粉粒体定量供給装置は、装置に充填された粉末を吐出することで正確な分注を行う機構が一般的です。その他には、メッシュプレートを用いて設定した体積用量の粉末を手動でマイクロプレートにふるい入れる機構の装置もあります。

 1. 粉末の充填

粉末を充填する方法は装置によって異なりますが、分注ヘッドに手動で充填する仕組みや、装置に粉体吸引を行う機能があるものなどがあります。分注ヘッド方式の装置では、分注ヘッドは交換可能であり、異なる用量の複数の材料を洗浄なしで迅速に処理し、クロスコンタミネーションを防ぐことが可能です。

2. 分注吐出

分注吐出は、体積単位で行う装置と質量単位で行う装置の2種類があり、手動式は基本的に体積単位で分注を行います。例えば、手動式の仕組みには先端のくぼみに粉体試薬を充填し、プランジャーで押し出すものなどがあります。電動式のものでは1回の分注にかかる時間が3秒前後と高速であり、連続して吐出を行うことも可能です。

3. 装置の形状

装置の形状はハンドヘルド方式やベンチトップ据え置き型などがあります。電動のベンチトップ据え置き型では、マイクロチューブやバイアル、ウェルプレートのラックを利用して自動分注を行うことができる装置もあります。

4. メッシュプレート方式

メッシュプレート方式のディスペンサーでは、ウェルプレートなどをメッシュプレートの下にセットし、メッシュプレートとウェルプレートの間にスライダーを挿入した状態で粉末をメッシュプレートへ充填します。余分な粉末をスクレーパーで除去するなどの方法でメッシュプレートへ規定量の粉末を充填した後、スライダーを引き抜くことで下のウェルプレートへ分注することができる仕組みです。

粉粒体定量供給装置の種類

粉粒体定量供給装置は、様々な種類があり、用途に合わせたものを選択することが必要です。体積単位で分注する装置は、5~1000μl の粉末体積に対応していることが一般的です。質量単位で分注する装置では、ミリグラム単位の微量秤量が主流ですが、5~300mgの範囲で分注できる装置や、最大25gまで分注できる装置などがあります。

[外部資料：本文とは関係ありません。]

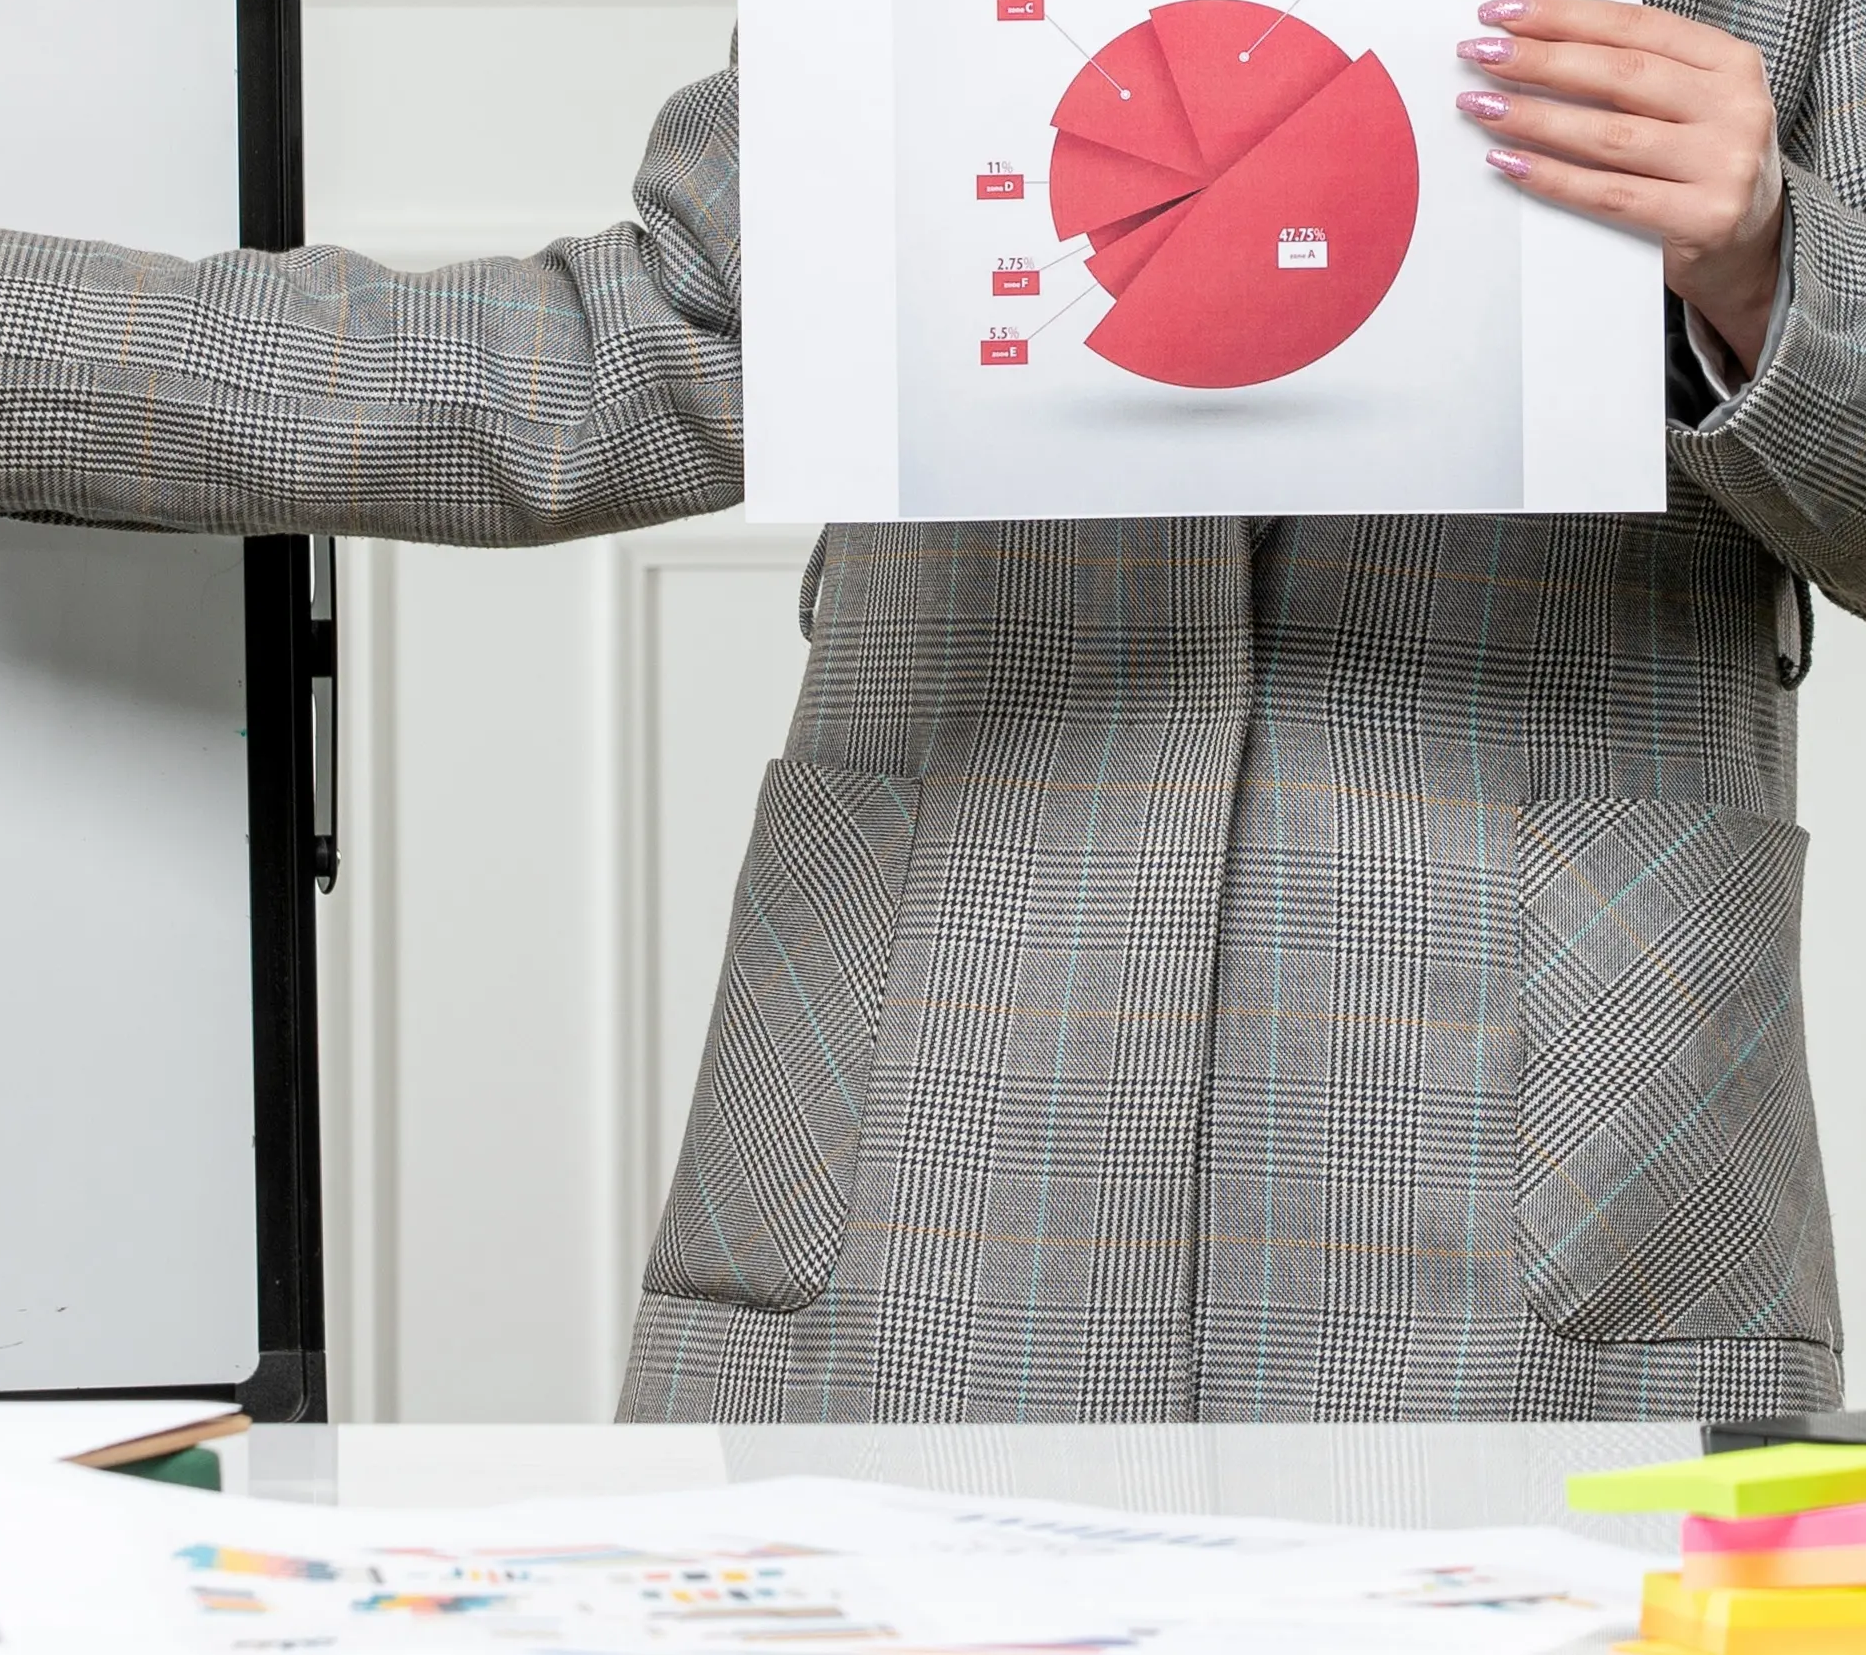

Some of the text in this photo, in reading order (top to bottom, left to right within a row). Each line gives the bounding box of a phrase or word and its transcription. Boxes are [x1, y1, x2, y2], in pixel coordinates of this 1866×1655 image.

また、電動の装置と手動の装置とがありますが、電動の装置では特に大量の分注を自動化することができるものもあります。また、装置によっては周辺機器と組み合わせて材料調合や試薬前処理、キャップの開閉などを自動化することも可能です。分注容器にはマイクロチューブやバイアル、ウェルプレートを用いることができますが、装置によって異なります。装置の中には専用容器のみが使用可能であるものもあるため、注意が必要です。

粉粒体定量供給装置の中にも、粉体だけに対応しているものの他、顆粒、ビーズなど様々な固形物に対応している装置があります。